ONE NIGHT IN A BAD INN by Christy Leskovar, reviewed by Laurel Piippo, 1334 Sacramento Street, Richland, WA 99354. Submitted May 16, 2006
"It all started when I heard that my great-grandmother was accused of murder."
Now there's an opening sentence to stop readers in their tracks and lure them to read Christy Leskovar's eye-popping family history,
ONE NIGHT IN A BAD INN.
Actually, it all started in 1976 when Leskovar was a junior in my American Lit class during the US Bicentennial celebrations. While the nation focused on our national heritage, the class assignment was to celebrate personal histories by interviewing relatives and writing a family history. Leskovar laughed, "Four A ++++s weren't enough. I had to keep going."

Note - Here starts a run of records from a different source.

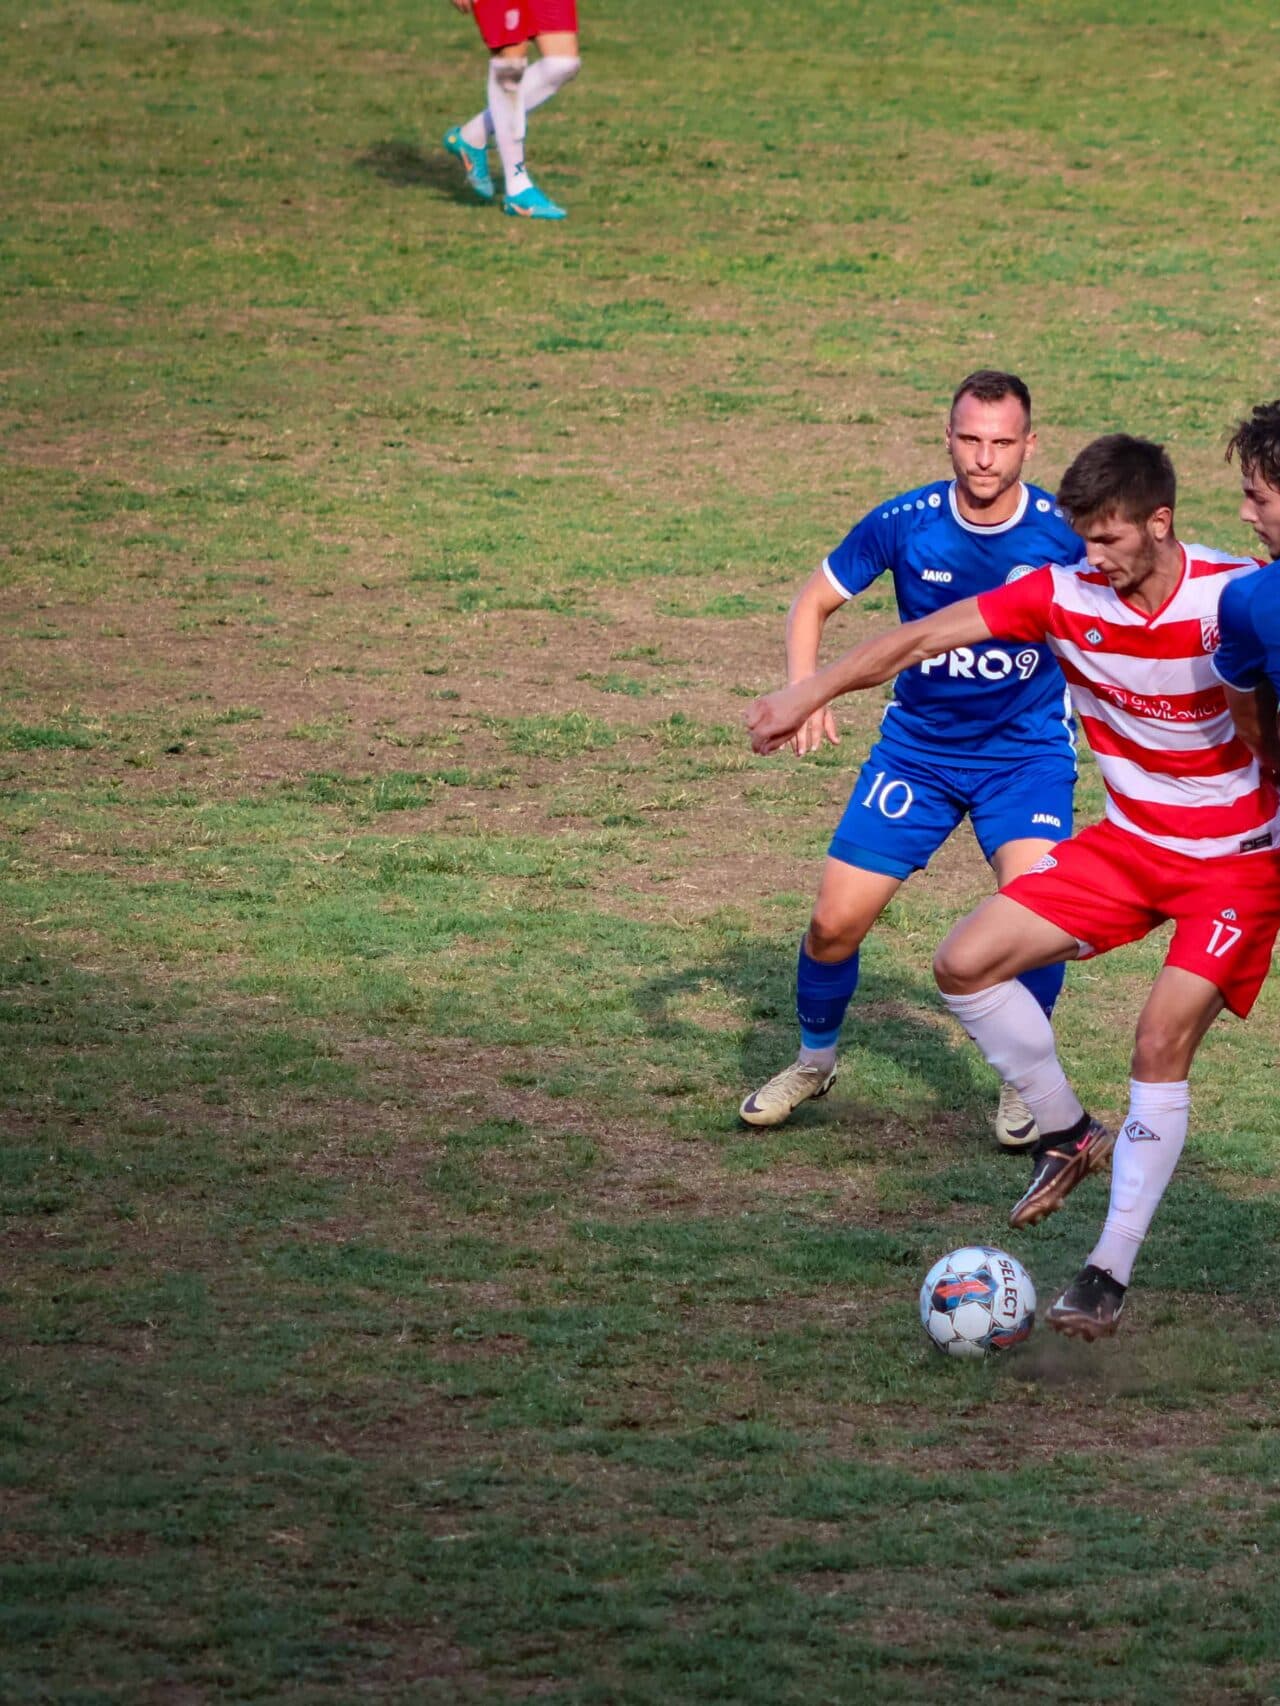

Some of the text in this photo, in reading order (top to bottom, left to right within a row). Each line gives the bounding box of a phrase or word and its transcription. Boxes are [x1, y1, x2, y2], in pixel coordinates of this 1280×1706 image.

[921, 569, 952, 583] JAKO
[921, 647, 1040, 680] PRO9
[861, 771, 913, 819] 10
[1031, 813, 1061, 828] JAKO
[1206, 919, 1242, 958] 17
[998, 1259, 1018, 1319] SELECT

Leskovar's G-rated school essay came full circle 30 years later with the X-rated tale of her villainous great-grandmother Sarah Hughes, who couldn't destroy the dignity and beauty of her daughter Aila, Leskovar's grandmother. Sarah, sent to finishing school to be a perfect lady, and a strange great-grandfather who abandoned his family, created a family of skeletons yanked out of the closet by the persistent Leskovar.
The poised, impeccable Sarah "practiced the social graces with the confidence of a well-bred lady." Her elegant facade masked "an alcoholic nymphomaniac," flatly stated one of her granddaughters when Leskovar started investigating the curious life of her great-grandmother.

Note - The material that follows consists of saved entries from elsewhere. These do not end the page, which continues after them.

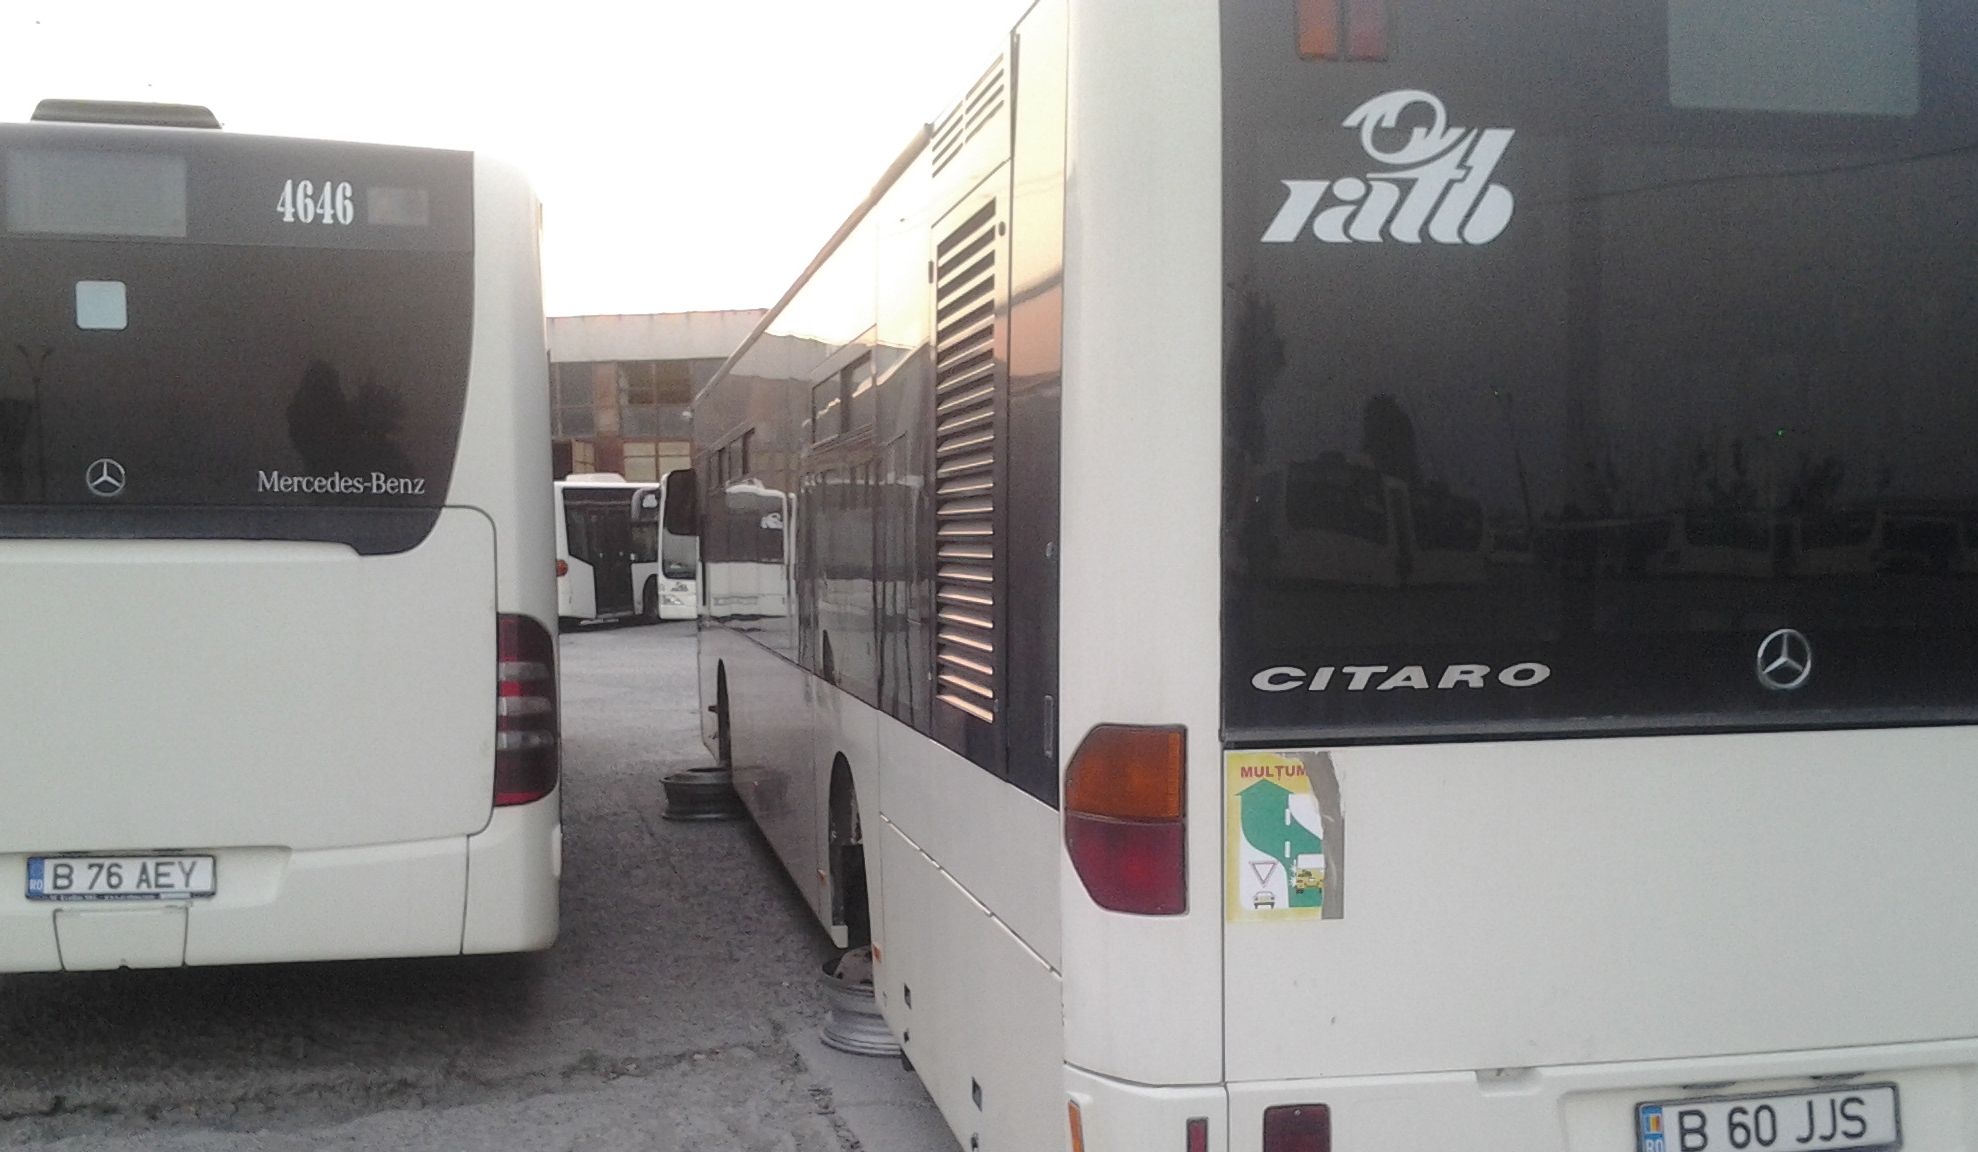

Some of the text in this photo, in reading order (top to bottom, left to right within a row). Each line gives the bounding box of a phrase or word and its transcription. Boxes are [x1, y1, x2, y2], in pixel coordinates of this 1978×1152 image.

[276, 179, 354, 225] 4646
[257, 470, 425, 495] Mercedes-Benz
[1251, 662, 1551, 692] CITARO
[53, 860, 197, 891] B 76 AEY
[1678, 1097, 1867, 1152] B 60 JJS

The contrast between Leskovar's beloved Grandma Aila and the outrageous Sarah piqued Leskovar's curiosity. Aila stars in this non-fiction narrative, a beautiful rose who rejected her mother's illegal and immoral behavior, determined to be a REAL lady. She survived the cesspool of her environment in a triumph of character and strength that inspires Leskovar to this day.
Sarah and her husband, Arthur Hughes, moved westward to Montana, homesteaded near Forsyth, and had five children. Their childhood was interrupted when Sarah and the hired man were charged with murdering Arthur in the early 1900s.
Leskovar called the court house in Forsyth and asked, "Do you have a record of Sarah Hughes being jailed for murder?"
"No."
Leskovar pondered that and called back, "Do you have Sarah Hughes jailed for anything?"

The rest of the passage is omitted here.